Came for _____, Stayed for ______
Damon. This movie was first introduced to me while I was in high school, and I was (and still am) a huge Matt Damon fan. When I found out that he had written this movie, and that it was very funny and heartfelt at the same time, I was in right away. Will Hunting as a character also doesn’t disappoint; he’s very well-rounded, pairing charisma with a roughness, and is a smartass but likable at the same time. Watching him overcome hardship is a rewarding movie experience, which should not go overlooked.
Williams. The nostalgia factor for Robin Williams is definitely real, but he more than earned the Oscar this year.
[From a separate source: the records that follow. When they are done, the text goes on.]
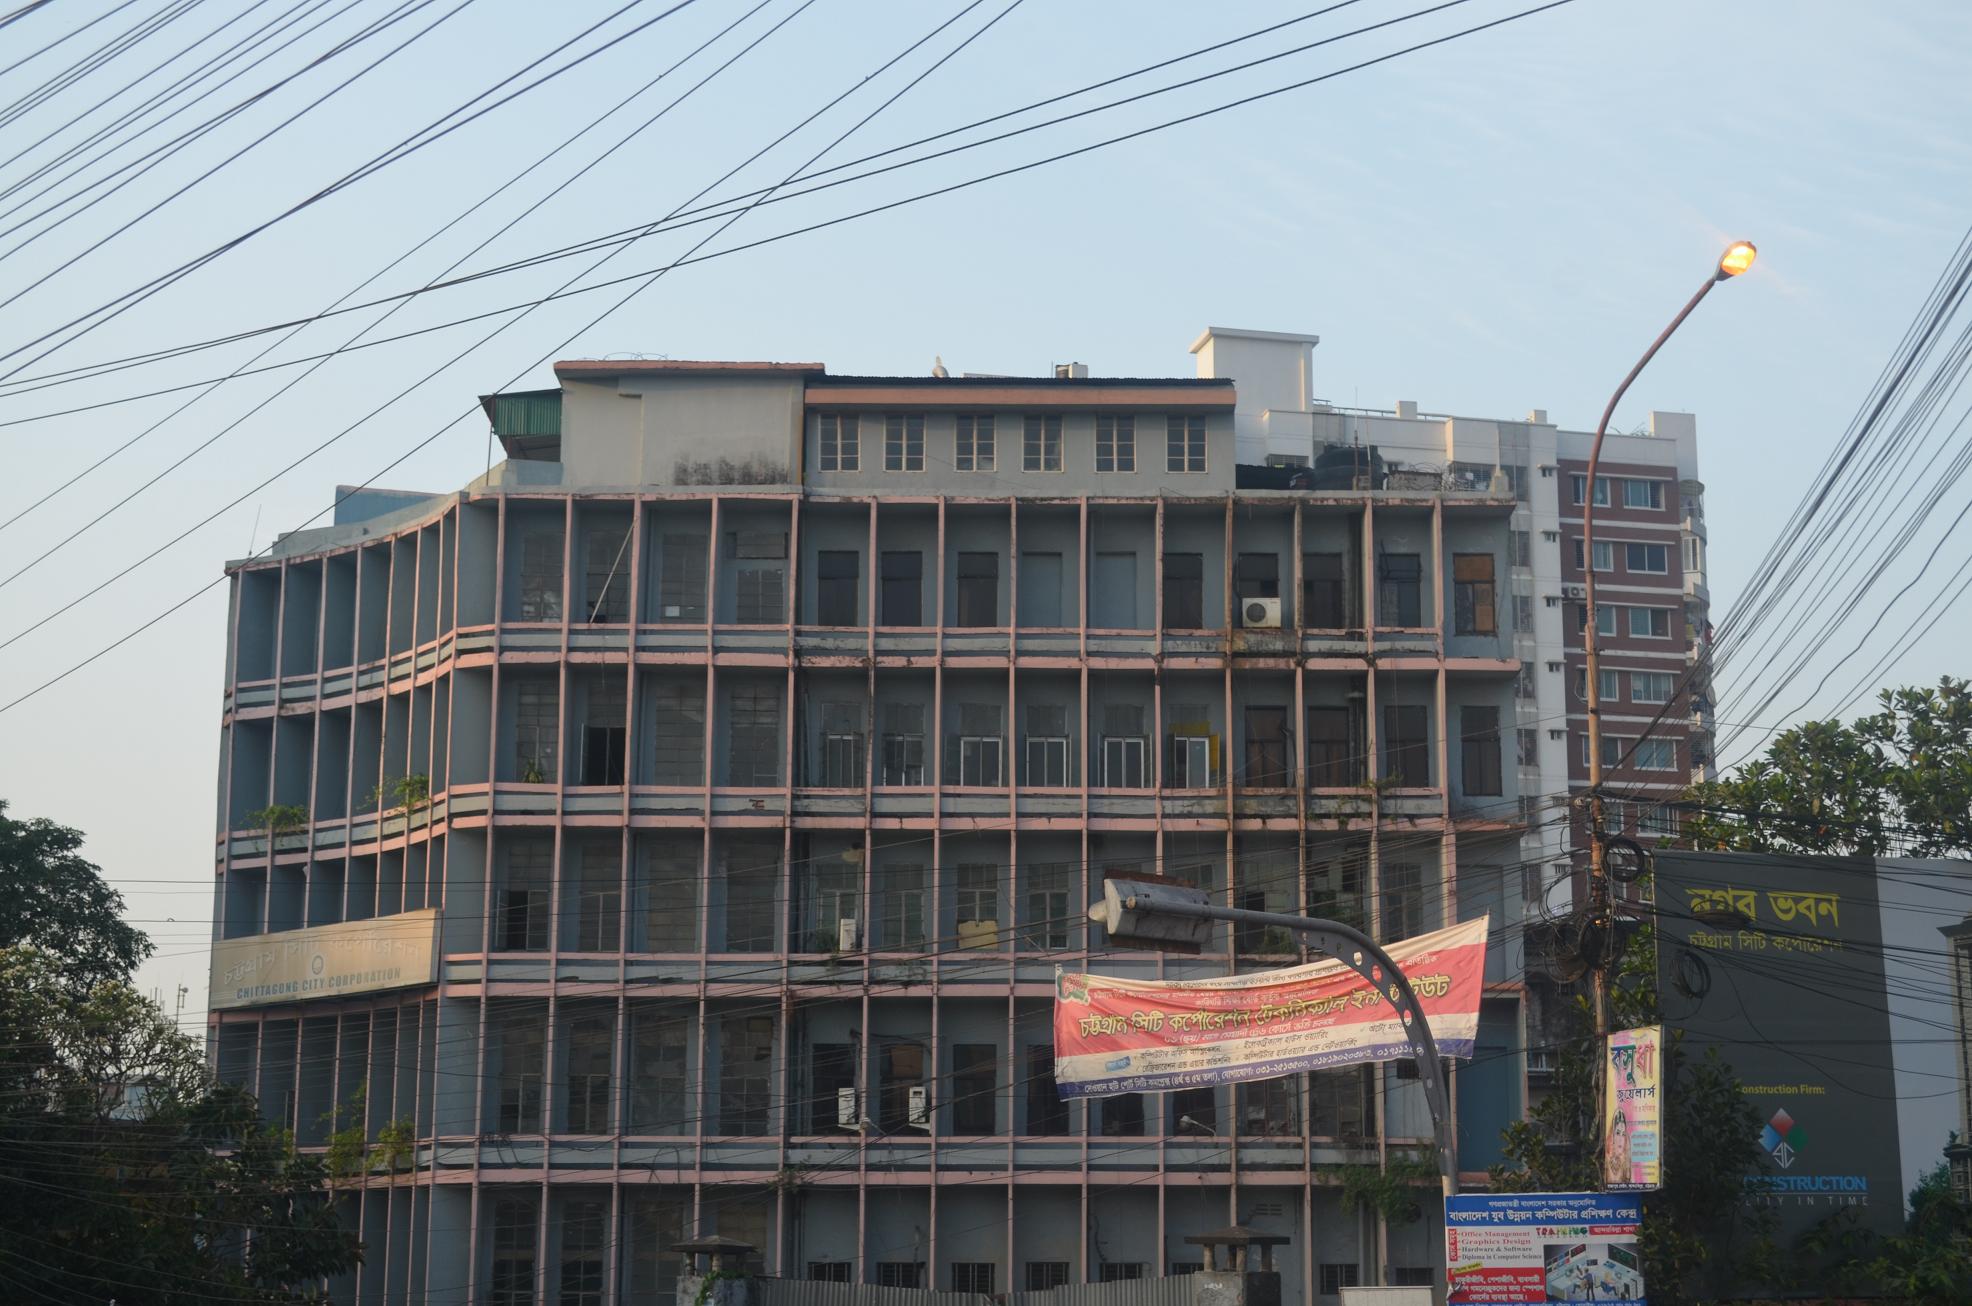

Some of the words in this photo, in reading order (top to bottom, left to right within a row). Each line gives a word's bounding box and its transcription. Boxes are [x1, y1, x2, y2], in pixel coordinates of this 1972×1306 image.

[1767, 891, 1841, 928] ভবন
[1738, 930, 1767, 950] সিটি
[236, 981, 299, 1000] CHITTAGONG
[302, 978, 325, 992] CITY
[1078, 1013, 1128, 1038] চট্টগ্রাম
[1131, 1010, 1166, 1034] সিটি
[1736, 1083, 1798, 1095] onstruction
[1800, 1084, 1825, 1095] Firm:
[1798, 1196, 1814, 1206] IN
[1828, 1196, 1870, 1207] TIME
[1449, 1211, 1489, 1222] বাংলাদেশ
[1491, 1211, 1504, 1223] যুব
[1506, 1208, 1532, 1223] উন্নয়ন
[1534, 1207, 1578, 1221] কম্পিউটার
[1580, 1207, 1613, 1220] প্রশিক্ষণ
[1616, 1208, 1637, 1220] কেন্দ্র
If Will is the brain and heart of this movie, then Sean is undoubtedly the soul of this movie, and I cannot think of a better choice to have played Sean. It was Williams’ involvement that ensured this movie would be made, and his performance immediately immortalized it. This was the best of his career and the one that has most informed the way that we continue to think of him; thanks for the laughs and encouragement, Robin.